Records from a dataset:

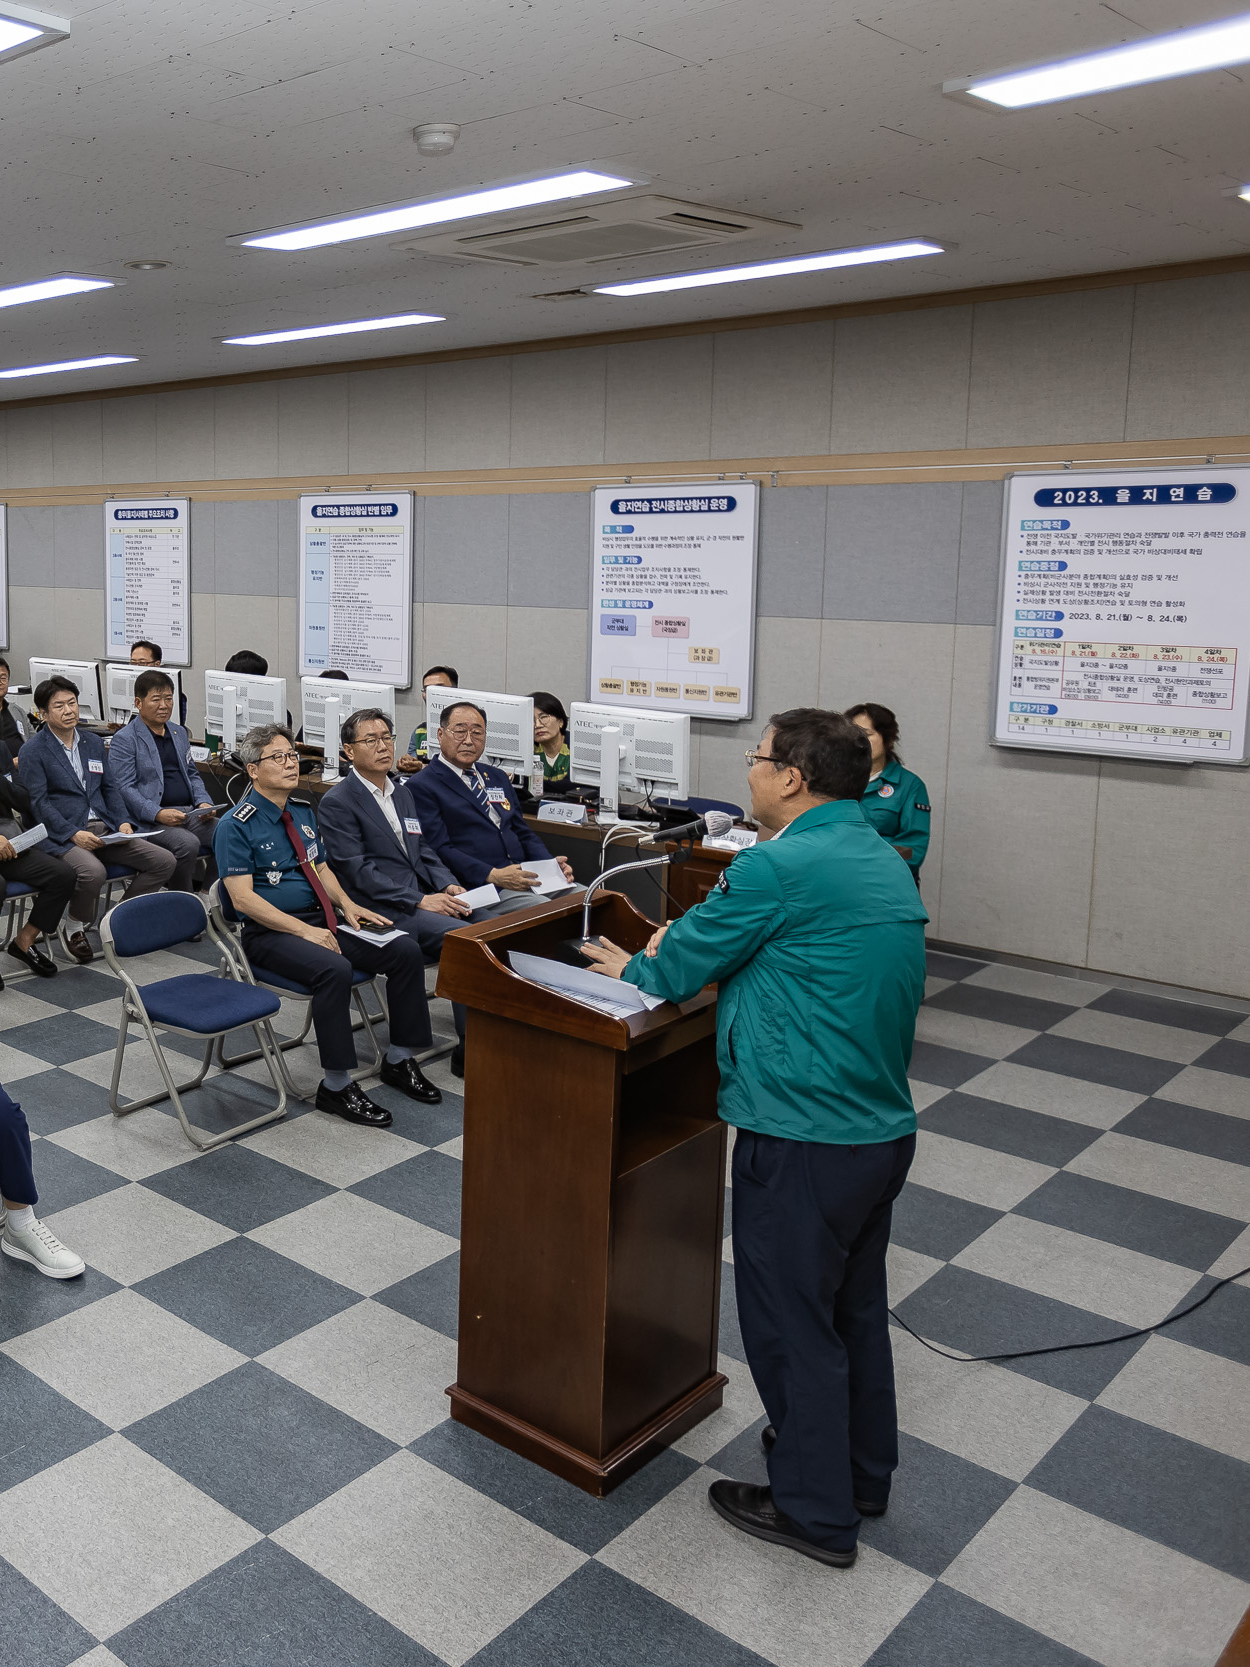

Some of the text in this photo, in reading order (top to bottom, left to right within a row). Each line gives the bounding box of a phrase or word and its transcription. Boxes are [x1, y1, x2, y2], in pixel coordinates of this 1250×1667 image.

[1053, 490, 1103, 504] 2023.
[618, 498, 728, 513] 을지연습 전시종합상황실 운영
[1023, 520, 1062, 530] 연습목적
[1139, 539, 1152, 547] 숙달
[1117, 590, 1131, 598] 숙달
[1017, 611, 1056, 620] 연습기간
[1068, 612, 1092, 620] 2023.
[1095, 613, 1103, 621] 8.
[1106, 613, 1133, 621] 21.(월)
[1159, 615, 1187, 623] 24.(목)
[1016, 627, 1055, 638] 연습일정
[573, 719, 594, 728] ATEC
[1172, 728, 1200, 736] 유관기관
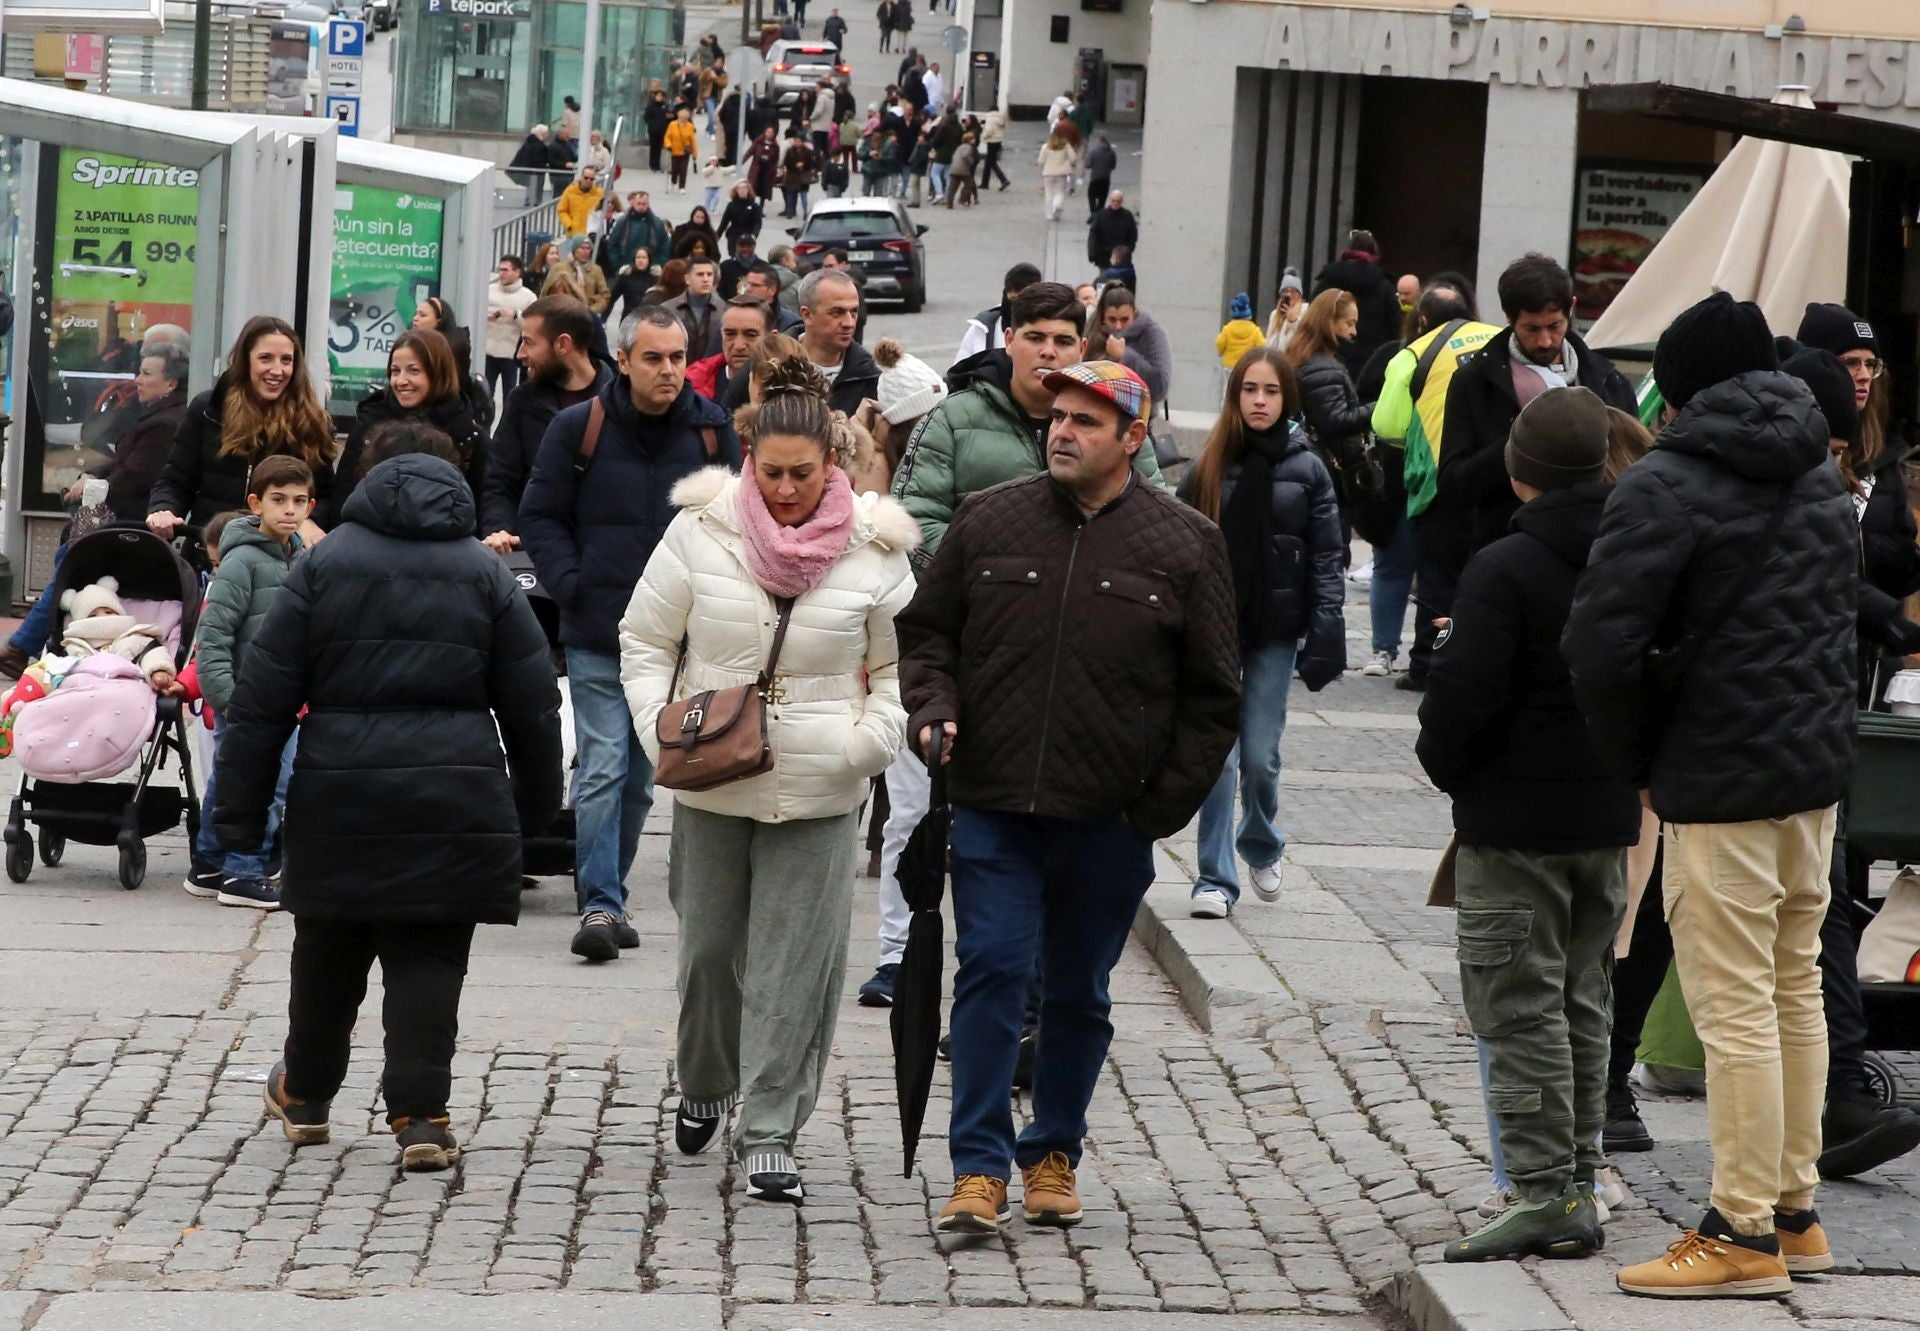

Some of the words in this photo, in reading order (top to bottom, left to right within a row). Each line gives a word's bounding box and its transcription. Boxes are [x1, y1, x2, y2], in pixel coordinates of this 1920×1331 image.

* **INSTRUCTIONS FOR THE TASK**: Copy out all the records exactly, excluding pictures.

* **RESULT OF THE EXERCISE**:
Some of the text in this photo, in reading order (top to bottom, left to right within a row). Each line gives the bounding box of a phrase or word and its transcription. Boxes are [x1, y1, x2, y2], in pixel coordinates of this 1250×1667 image.

[1053, 490, 1103, 504] 2023.
[618, 498, 728, 513] 을지연습 전시종합상황실 운영
[1023, 520, 1062, 530] 연습목적
[1139, 539, 1152, 547] 숙달
[1117, 590, 1131, 598] 숙달
[1017, 611, 1056, 620] 연습기간
[1068, 612, 1092, 620] 2023.
[1095, 613, 1103, 621] 8.
[1106, 613, 1133, 621] 21.(월)
[1159, 615, 1187, 623] 24.(목)
[1016, 627, 1055, 638] 연습일정
[573, 719, 594, 728] ATEC
[1172, 728, 1200, 736] 유관기관

Some of the words in this photo, in reading order (top to bottom, left to right within a row). Each line gives a word's bounding box and its transcription. Boxes are [x1, y1, x2, y2], in pixel coordinates of this 1920×1331 image.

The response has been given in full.